= Francisco López Merino =

Argentine poet

Francisco López Merino (June 6, 1904 - May 22, 1928) was an Argentine poet born in La Plata, Buenos Aires, who committed suicide at the age of 23.

== Career ==
In 1920 he published Horas de amor (Love Hours), a group of nine poems that later fell victims of auto-censorship. In 1921 he wrote another collection of poems entitled Fragmentos de un libro inconcluso (Fragments of an Unfinished Book), divided in three sections: "El espejo de mi interior" ("Mi Inner Mirror"), "Del eterno femenino" ("Of the Eternal Feminine") and "Cantos" ("Chants"). These compositions were never published.

The poem "El alma se me llena de estrellas..." ("My Soul Is Fulfilled By Stars...") was already present in this group of texts and was later included in his book Tono menor (Minor Tone) (1923).

López Merino published his poetry in different national newspapers and magazines, principally in El Día and El Argentino of La Plata, the magazine Crónica Social, of the same city, and El Cronista, a newspaper from Chascomús.

In the magazine Valoraciones, edited by the Faculty of Social and Legal Sciences of the National University of La Plata, he wrote two bibliographic notes: the first one refers to the poetry book El árbol, el pájaro y la fuente (The Tree, the Bird and the Fountain) (1923), by Córdova Iturburu, and the second one deals with the poetry book El imaginero (1927), by Ricardo Molinari.

In 1925 he published his book Las tardes (The Afternoons).

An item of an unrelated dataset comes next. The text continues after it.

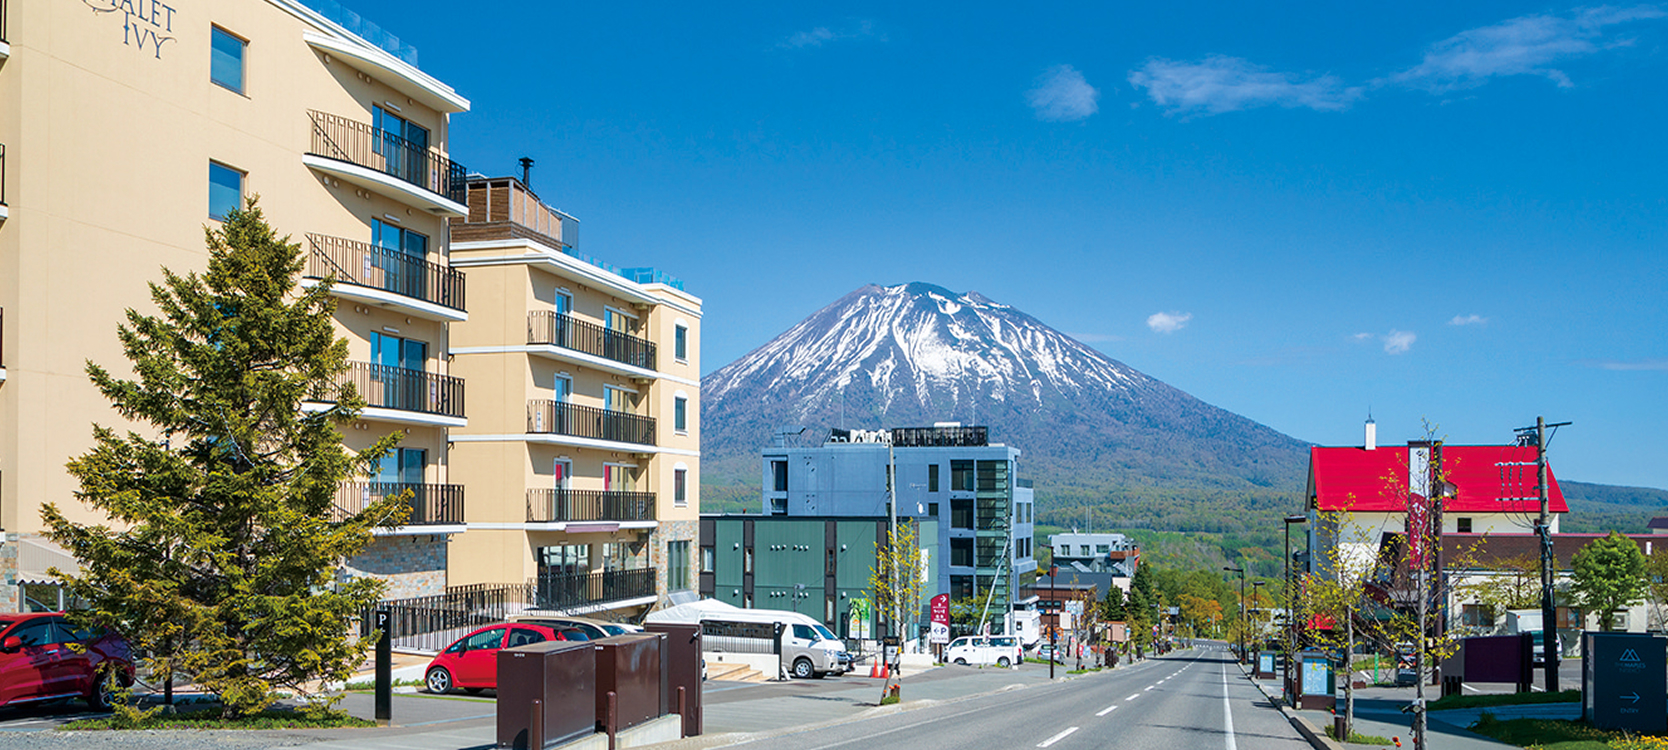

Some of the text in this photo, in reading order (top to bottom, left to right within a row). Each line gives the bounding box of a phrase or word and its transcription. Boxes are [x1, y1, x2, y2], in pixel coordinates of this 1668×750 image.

The more significant national newspapers (La Nación, La Prensa, La Razón, Crítica, El Día and El Argentino) praised the literary merits of the young writer.

In 1928 the poet committed suicide by gunshot at his temple, in the bathroom of a bar, in La Plata, possibly due to his recent diagnosis with tuberculosis.

== Legacy ==
Merino was memorialized in the 1928 poem, "A Francisco López Merino", by Merino's close friend Jorge Luis Borges.